*** RECORD EXCERPTS ***
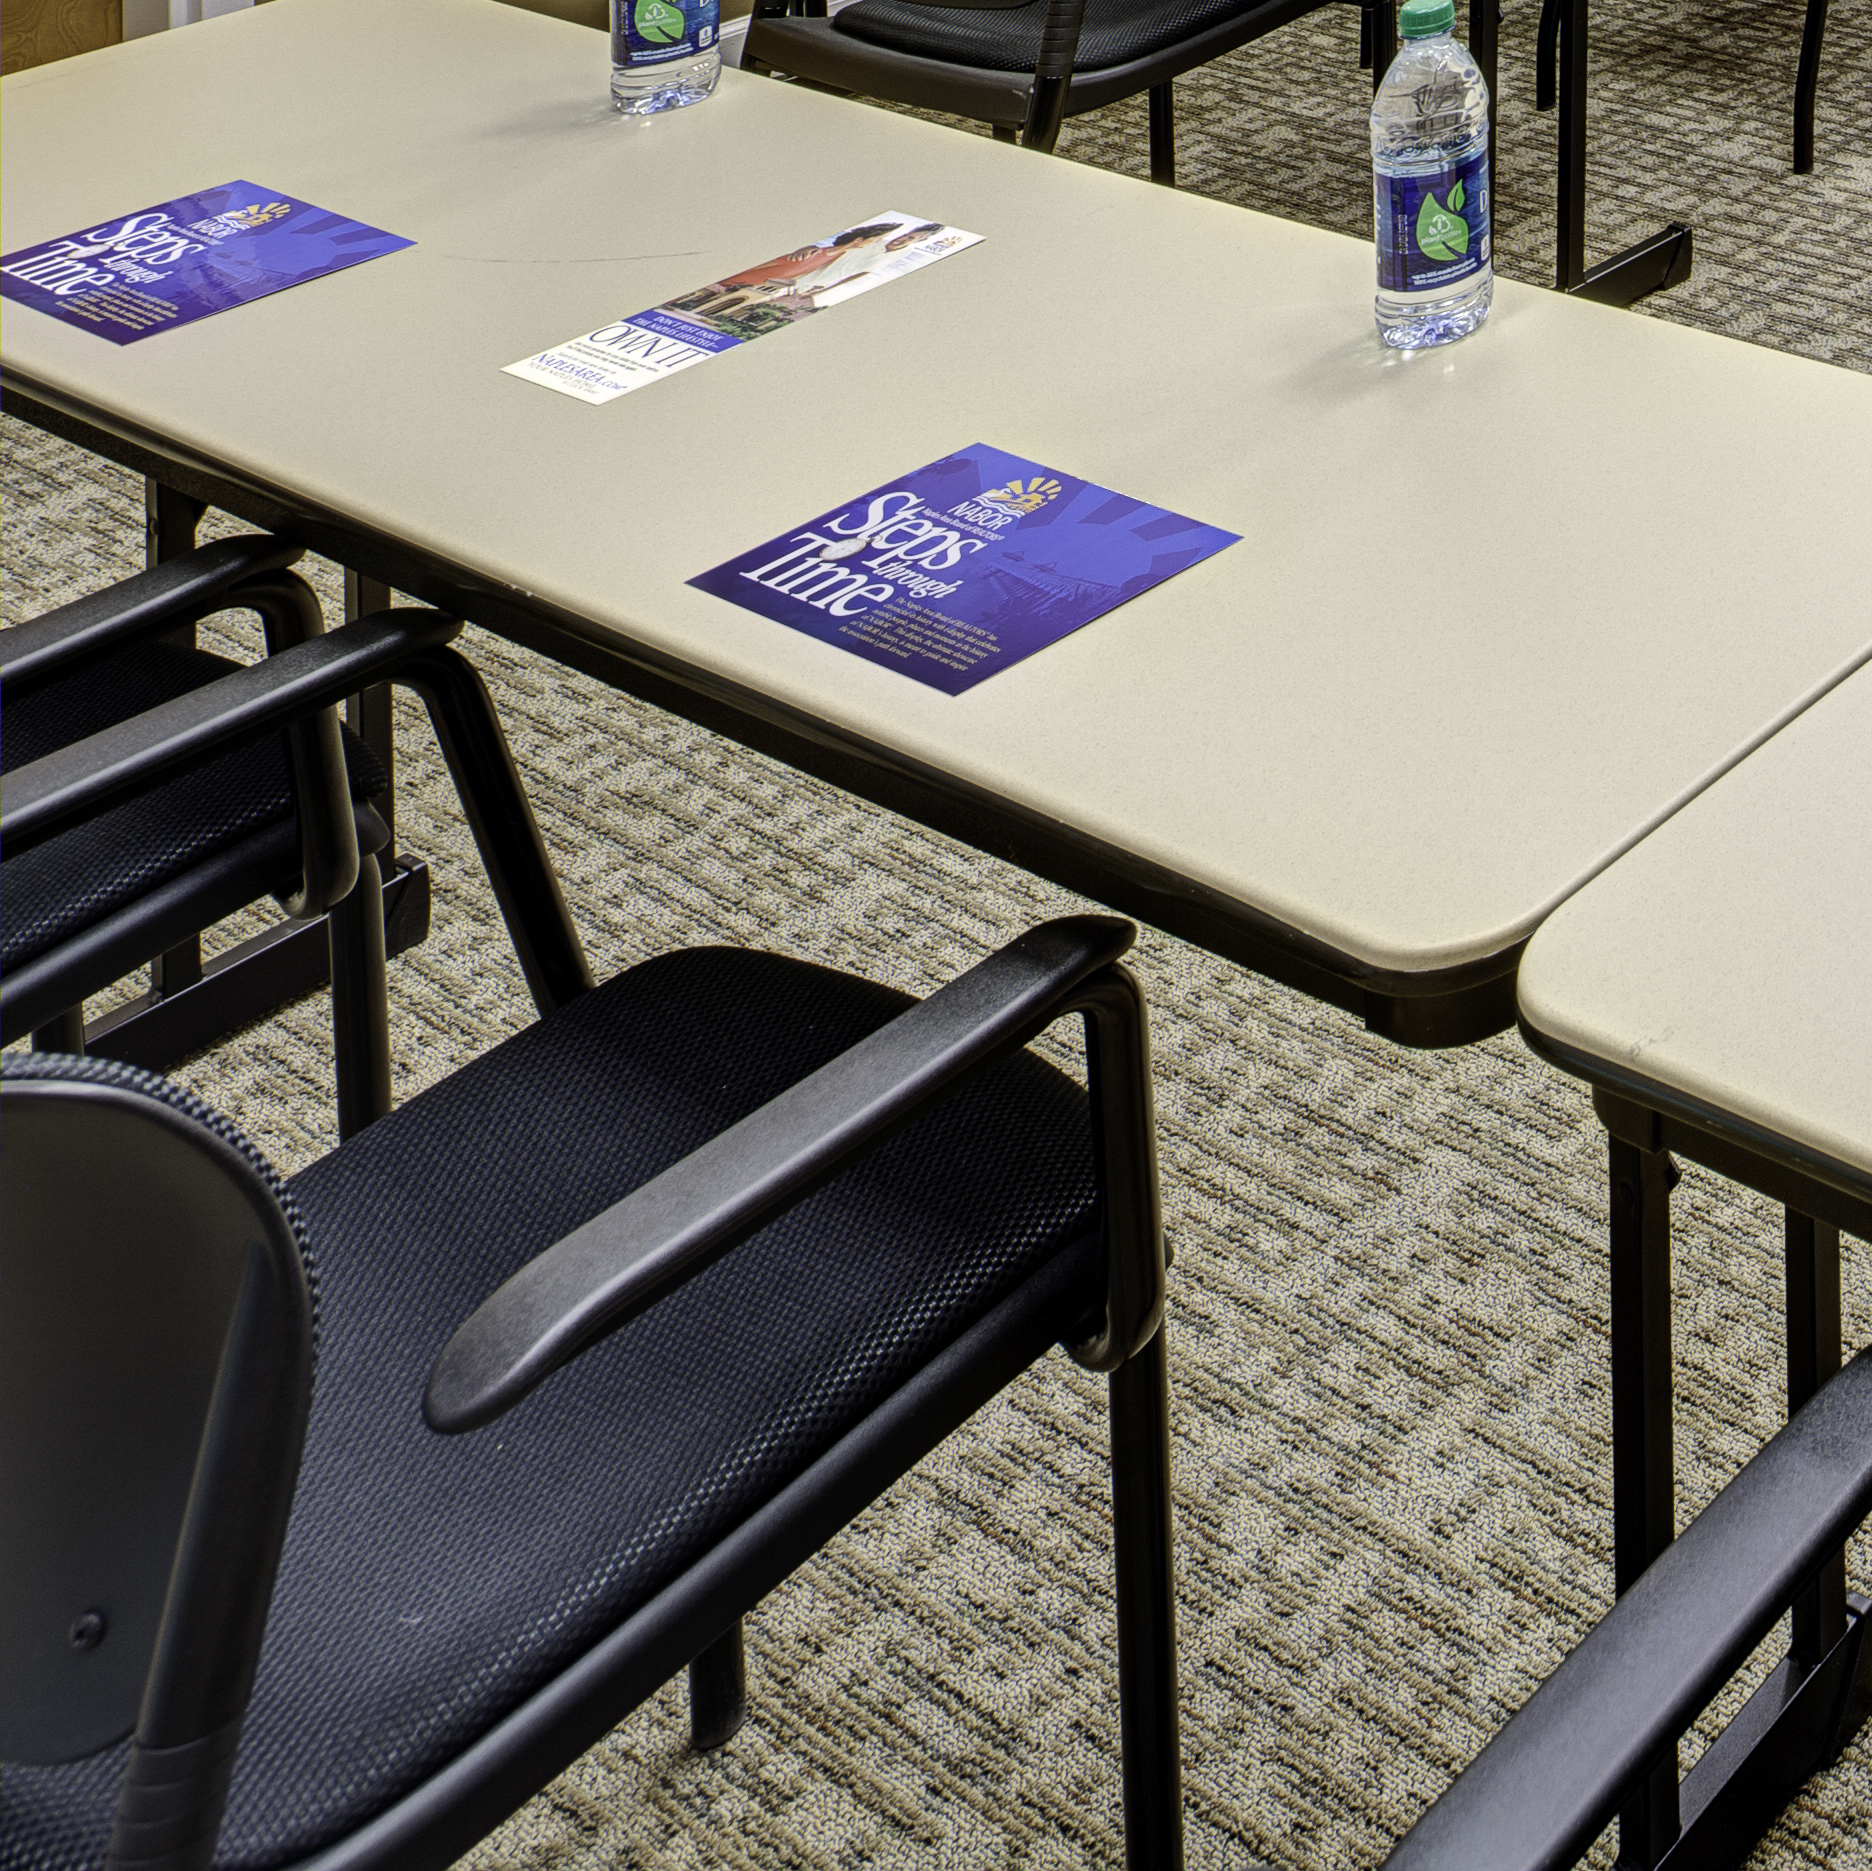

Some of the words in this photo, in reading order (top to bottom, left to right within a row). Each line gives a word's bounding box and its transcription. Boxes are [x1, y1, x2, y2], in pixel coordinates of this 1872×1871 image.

[80, 212, 208, 265] Steps
[589, 325, 679, 359] OWN
[655, 347, 710, 368] IT
[822, 491, 988, 570] Steps
[946, 501, 1013, 530] NABOR
[738, 532, 895, 616] Time
[871, 560, 965, 599] through
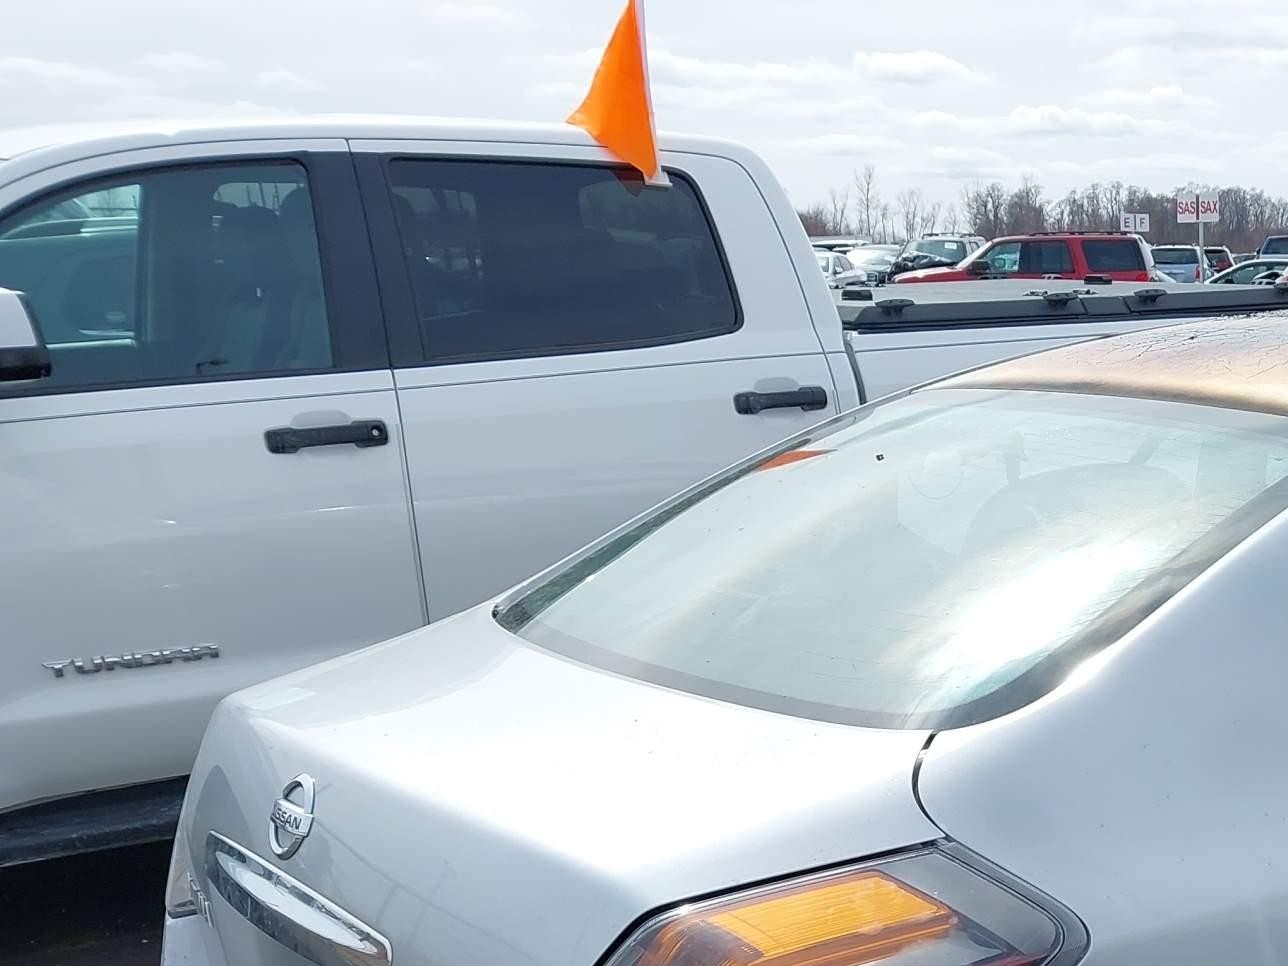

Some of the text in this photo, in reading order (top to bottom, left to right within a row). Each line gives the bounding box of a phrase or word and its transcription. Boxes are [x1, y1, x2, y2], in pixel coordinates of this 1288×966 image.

[1177, 200, 1218, 215] SAS SAX
[1124, 216, 1146, 228] E F
[41, 643, 220, 678] TUNDRA
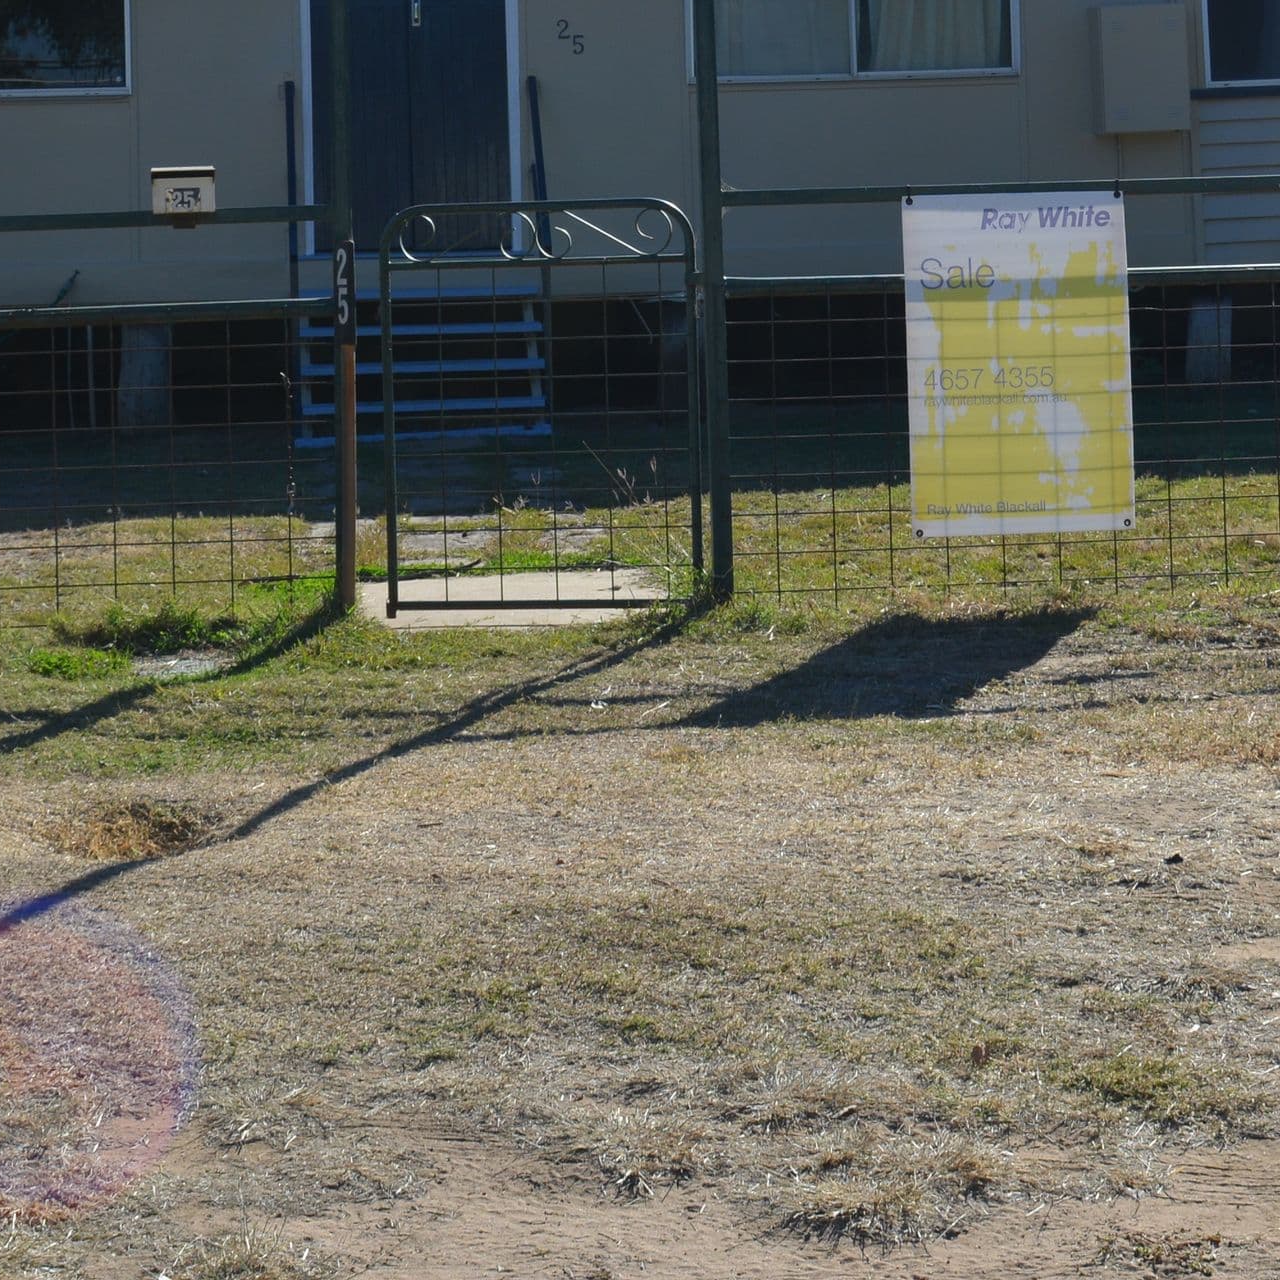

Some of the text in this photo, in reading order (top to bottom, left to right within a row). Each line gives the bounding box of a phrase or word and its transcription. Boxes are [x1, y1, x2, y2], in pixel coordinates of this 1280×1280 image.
*** End of RECORD EXCERPTS ***
_YOUR ASSIGNMENT_
Type the listing above out again exactly, and omit all pictures.

_WRITTEN SOLUTION_
Some of the words in this photo, in reading order (top to bottom, left to right within a row). Each line gives a word's bounding box and its transcription. Boxes are [x1, y1, x2, y2], in pixel coordinates of this 1872×1871 image.

[80, 212, 208, 265] Steps
[589, 325, 679, 359] OWN
[655, 347, 710, 368] IT
[822, 491, 988, 570] Steps
[946, 501, 1013, 530] NABOR
[738, 532, 895, 616] Time
[871, 560, 965, 599] through

Some of the text in this photo, in reading order (top to bottom, left to right within a row). Each line gives the bounding box of a phrase or word and its transcription. Boxes are [x1, y1, x2, y2], in pixel coordinates of this 1288×966 image.

[1177, 200, 1218, 215] SAS SAX
[1124, 216, 1146, 228] E F
[41, 643, 220, 678] TUNDRA

Some of the text in this photo, in reading order (top to bottom, left to right within a row). Each line gives the bounding box of a phrase or word and its transcription. Boxes are [x1, y1, x2, y2], in pixel coordinates of this 1280×1280 image.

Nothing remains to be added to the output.